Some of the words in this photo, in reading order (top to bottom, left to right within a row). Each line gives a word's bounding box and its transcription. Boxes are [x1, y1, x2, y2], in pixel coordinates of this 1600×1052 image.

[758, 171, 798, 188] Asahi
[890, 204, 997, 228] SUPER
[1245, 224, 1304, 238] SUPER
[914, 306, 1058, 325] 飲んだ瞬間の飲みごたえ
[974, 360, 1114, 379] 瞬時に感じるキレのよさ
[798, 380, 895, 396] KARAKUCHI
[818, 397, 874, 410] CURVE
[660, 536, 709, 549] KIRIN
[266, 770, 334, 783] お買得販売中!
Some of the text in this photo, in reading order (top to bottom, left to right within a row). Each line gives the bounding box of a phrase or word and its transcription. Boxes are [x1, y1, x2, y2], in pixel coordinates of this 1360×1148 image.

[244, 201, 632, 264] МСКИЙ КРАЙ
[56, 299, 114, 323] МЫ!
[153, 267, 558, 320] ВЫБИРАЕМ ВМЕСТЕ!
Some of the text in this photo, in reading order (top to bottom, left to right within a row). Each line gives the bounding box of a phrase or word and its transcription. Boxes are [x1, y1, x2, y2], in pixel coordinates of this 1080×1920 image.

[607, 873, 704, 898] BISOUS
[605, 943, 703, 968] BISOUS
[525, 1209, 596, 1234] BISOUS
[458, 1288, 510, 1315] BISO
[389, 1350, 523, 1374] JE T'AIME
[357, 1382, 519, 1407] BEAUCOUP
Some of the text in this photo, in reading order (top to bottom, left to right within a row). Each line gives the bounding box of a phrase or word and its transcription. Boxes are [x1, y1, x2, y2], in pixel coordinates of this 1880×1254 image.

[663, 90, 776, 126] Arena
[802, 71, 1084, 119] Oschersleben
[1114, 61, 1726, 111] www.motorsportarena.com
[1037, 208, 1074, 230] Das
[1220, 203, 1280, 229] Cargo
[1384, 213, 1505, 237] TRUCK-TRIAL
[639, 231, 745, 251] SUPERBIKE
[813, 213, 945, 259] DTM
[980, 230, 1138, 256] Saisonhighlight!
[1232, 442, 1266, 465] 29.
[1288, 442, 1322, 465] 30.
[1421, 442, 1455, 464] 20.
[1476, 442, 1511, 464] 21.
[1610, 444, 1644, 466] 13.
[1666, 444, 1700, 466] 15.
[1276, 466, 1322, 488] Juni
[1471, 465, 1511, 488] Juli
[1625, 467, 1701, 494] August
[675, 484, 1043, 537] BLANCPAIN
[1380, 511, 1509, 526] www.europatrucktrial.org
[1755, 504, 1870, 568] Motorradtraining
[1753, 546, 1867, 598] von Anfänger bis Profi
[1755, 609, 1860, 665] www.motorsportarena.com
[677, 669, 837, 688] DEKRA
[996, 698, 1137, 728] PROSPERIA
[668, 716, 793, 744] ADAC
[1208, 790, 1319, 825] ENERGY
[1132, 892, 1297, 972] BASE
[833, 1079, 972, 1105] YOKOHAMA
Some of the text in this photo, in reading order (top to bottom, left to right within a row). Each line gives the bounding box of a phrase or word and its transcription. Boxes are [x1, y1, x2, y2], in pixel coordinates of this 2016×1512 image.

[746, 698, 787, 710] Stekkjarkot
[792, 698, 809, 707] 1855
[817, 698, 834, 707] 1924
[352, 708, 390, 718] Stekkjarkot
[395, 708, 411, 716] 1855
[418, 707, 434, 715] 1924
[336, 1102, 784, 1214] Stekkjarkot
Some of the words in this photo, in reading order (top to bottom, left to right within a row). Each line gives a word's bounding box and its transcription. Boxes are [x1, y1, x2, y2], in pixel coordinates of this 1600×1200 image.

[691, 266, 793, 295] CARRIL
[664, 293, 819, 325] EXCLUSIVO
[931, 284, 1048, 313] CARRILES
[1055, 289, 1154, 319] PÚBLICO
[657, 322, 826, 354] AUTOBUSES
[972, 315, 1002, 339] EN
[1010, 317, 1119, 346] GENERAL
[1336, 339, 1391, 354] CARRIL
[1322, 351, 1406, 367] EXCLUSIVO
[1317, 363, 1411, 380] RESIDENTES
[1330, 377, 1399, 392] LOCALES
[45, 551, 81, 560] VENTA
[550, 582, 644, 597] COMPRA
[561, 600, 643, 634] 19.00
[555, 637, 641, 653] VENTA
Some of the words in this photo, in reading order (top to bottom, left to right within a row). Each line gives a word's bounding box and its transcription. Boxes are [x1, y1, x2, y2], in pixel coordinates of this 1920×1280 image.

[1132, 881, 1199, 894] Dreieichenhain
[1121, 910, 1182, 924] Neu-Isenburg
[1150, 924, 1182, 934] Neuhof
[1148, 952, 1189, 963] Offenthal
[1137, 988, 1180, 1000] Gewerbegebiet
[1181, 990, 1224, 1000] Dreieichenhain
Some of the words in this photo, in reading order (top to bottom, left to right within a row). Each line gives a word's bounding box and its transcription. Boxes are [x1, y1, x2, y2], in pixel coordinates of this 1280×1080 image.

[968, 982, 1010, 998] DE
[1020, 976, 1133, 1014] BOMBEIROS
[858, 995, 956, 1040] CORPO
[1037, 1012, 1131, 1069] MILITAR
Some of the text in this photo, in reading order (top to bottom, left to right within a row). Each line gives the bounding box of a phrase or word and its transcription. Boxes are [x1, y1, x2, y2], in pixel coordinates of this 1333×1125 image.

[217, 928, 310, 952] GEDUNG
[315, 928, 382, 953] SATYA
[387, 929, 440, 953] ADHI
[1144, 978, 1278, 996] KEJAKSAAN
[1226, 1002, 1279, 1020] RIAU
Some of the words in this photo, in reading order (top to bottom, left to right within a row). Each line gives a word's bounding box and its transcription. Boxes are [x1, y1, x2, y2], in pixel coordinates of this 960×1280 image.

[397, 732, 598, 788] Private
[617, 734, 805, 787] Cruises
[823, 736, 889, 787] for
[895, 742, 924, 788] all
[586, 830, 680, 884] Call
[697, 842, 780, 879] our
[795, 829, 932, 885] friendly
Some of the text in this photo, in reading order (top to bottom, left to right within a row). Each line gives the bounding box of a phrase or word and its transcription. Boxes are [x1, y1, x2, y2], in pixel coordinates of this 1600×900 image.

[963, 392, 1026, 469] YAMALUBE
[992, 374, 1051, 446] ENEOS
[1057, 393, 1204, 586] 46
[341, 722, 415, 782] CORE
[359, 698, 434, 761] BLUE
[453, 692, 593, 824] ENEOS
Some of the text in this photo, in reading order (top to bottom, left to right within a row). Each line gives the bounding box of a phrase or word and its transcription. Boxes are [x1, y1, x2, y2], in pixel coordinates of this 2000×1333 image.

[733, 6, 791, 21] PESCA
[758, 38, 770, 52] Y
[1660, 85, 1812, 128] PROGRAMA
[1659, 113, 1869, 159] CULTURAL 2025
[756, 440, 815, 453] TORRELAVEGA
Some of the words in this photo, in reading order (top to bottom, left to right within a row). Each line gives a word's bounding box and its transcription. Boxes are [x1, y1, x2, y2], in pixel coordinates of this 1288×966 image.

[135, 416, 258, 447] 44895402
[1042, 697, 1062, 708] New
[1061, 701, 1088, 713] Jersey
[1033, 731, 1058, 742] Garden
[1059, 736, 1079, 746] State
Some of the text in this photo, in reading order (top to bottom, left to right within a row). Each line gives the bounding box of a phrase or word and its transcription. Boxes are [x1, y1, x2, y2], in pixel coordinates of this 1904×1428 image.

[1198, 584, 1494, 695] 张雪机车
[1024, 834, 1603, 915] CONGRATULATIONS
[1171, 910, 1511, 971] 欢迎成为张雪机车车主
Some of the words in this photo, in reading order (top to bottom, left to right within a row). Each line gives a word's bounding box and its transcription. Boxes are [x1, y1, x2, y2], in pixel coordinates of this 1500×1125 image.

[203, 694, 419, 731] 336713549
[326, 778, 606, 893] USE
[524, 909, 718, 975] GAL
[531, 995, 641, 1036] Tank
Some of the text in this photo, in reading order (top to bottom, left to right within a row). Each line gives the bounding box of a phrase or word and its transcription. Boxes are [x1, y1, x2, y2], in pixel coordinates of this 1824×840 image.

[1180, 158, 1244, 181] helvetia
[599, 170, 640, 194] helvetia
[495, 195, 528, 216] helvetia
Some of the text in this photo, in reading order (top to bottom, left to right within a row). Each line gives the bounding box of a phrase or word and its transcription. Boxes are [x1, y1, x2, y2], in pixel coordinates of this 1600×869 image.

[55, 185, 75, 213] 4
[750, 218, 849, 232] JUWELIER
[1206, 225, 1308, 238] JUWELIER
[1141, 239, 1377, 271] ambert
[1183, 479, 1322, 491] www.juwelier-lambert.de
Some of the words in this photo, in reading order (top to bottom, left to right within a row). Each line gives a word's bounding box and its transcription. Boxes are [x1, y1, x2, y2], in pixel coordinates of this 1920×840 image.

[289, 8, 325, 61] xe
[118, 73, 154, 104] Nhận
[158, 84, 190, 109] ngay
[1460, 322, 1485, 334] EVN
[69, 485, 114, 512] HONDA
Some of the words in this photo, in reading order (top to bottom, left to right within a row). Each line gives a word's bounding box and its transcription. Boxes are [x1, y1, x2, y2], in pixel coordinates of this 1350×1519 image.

# What to produce
From the line that contains "this 1904×1428 image." down to the final line of the entries, print every line exactly as it is, and only those lines.

# Response area
Some of the text in this photo, in reading order (top to bottom, left to right within a row). Each line gives the bounding box of a phrase or word and its transcription. Boxes are [x1, y1, x2, y2], in pixel coordinates of this 1904×1428 image.

[1198, 584, 1494, 695] 张雪机车
[1024, 834, 1603, 915] CONGRATULATIONS
[1171, 910, 1511, 971] 欢迎成为张雪机车车主
Some of the words in this photo, in reading order (top to bottom, left to right within a row). Each line gives a word's bounding box and its transcription. Boxes are [x1, y1, x2, y2], in pixel coordinates of this 1500×1125 image.

[203, 694, 419, 731] 336713549
[326, 778, 606, 893] USE
[524, 909, 718, 975] GAL
[531, 995, 641, 1036] Tank
Some of the text in this photo, in reading order (top to bottom, left to right within a row). Each line gives the bounding box of a phrase or word and its transcription. Boxes are [x1, y1, x2, y2], in pixel coordinates of this 1824×840 image.

[1180, 158, 1244, 181] helvetia
[599, 170, 640, 194] helvetia
[495, 195, 528, 216] helvetia
Some of the text in this photo, in reading order (top to bottom, left to right within a row). Each line gives the bounding box of a phrase or word and its transcription. Boxes are [x1, y1, x2, y2], in pixel coordinates of this 1600×869 image.

[55, 185, 75, 213] 4
[750, 218, 849, 232] JUWELIER
[1206, 225, 1308, 238] JUWELIER
[1141, 239, 1377, 271] ambert
[1183, 479, 1322, 491] www.juwelier-lambert.de
Some of the words in this photo, in reading order (top to bottom, left to right within a row). Each line gives a word's bounding box and its transcription. Boxes are [x1, y1, x2, y2], in pixel coordinates of this 1920×840 image.

[289, 8, 325, 61] xe
[118, 73, 154, 104] Nhận
[158, 84, 190, 109] ngay
[1460, 322, 1485, 334] EVN
[69, 485, 114, 512] HONDA
Some of the words in this photo, in reading order (top to bottom, left to right within a row). Each line gives a word's bounding box and its transcription. Boxes are [x1, y1, x2, y2], in pixel coordinates of this 1350×1519 image.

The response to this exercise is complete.